Aboriginal and Torres Strait Islander project
The Stroke Foundation and the Queensland Aboriginal and Islander Health Council are working together to create a new information resource. The new resource will be based on My Stroke Journey and will be delivered by hospital health professionals to Aboriginal and Torres Strait Islander stroke survivors and their families. It will also be available for Aboriginal health workers in the community to use.
Aboriginal and Torres Strait Islander people are 1.5 times as likely to die from stroke as non-Indigenous Australians. They are younger too: their median age is 58 compared to 75 for non-Indigenous Australians. They also have poorer access to in-patient rehabilitation, secondary prevention to reduce risk of further stroke and community support to aid long-term recovery.
Focus groups have been held in Cairns, Rockhampton, Toowoomba and Townsville. Speaking with Aboriginal and Torres Strait Islander survivors, family members and health workers, we found:
1. My Stroke Journey is seen a good resource but the content could be clearer and simpler.

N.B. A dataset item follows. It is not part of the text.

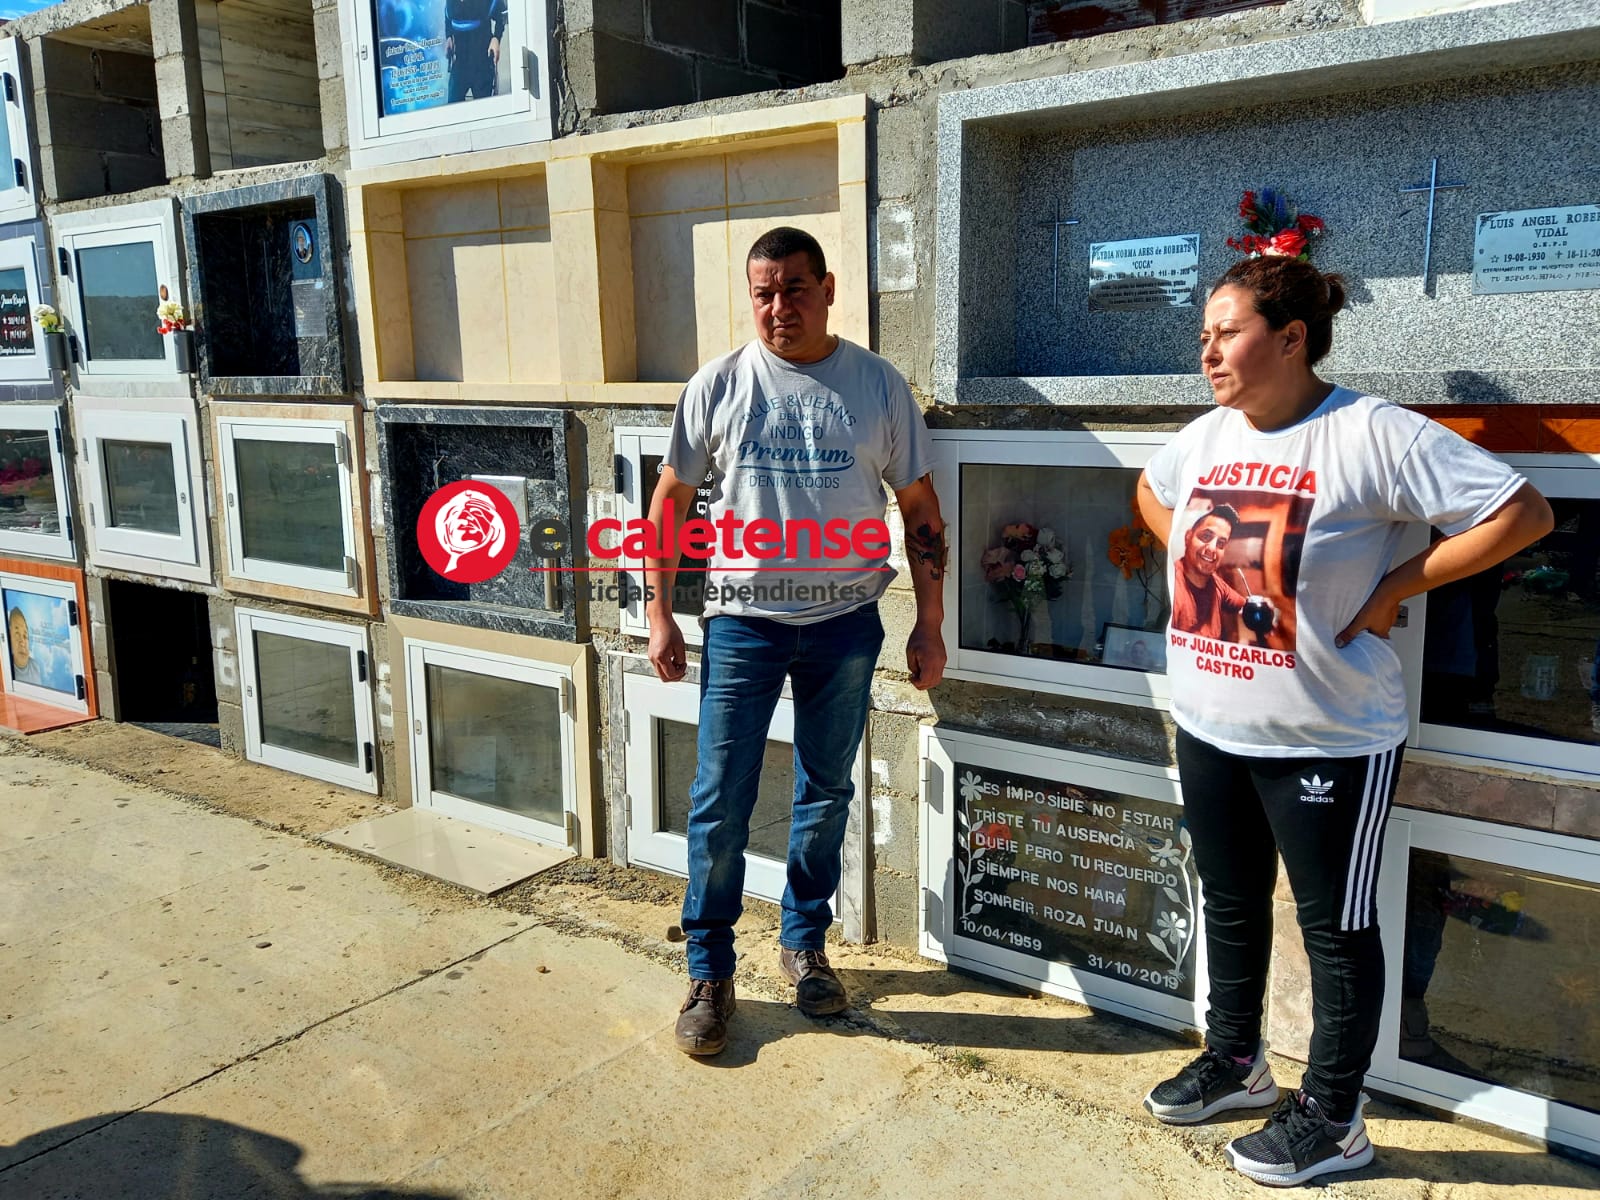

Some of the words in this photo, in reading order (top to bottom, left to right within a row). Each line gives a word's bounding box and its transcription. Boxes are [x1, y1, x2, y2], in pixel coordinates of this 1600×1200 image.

2. We need to include more photos and stories from Aboriginal and Torres Strait Islander people as well as using culturally appropriate activity examples and Indigenous art and design.
3. Work and finances (dealing with employers and Centrelink) is a significant issue and needs more focus.
4. We need to have a marketing strategy to ensure it reaches people – engaging hospital Aboriginal Liaison Officers and promote connection to Aboriginal health services.
The new resource will be available mid-year. After that we hope to secure funding to take the new resource to Aboriginal health organisations in other states to continue our engagement, in line with our national mission.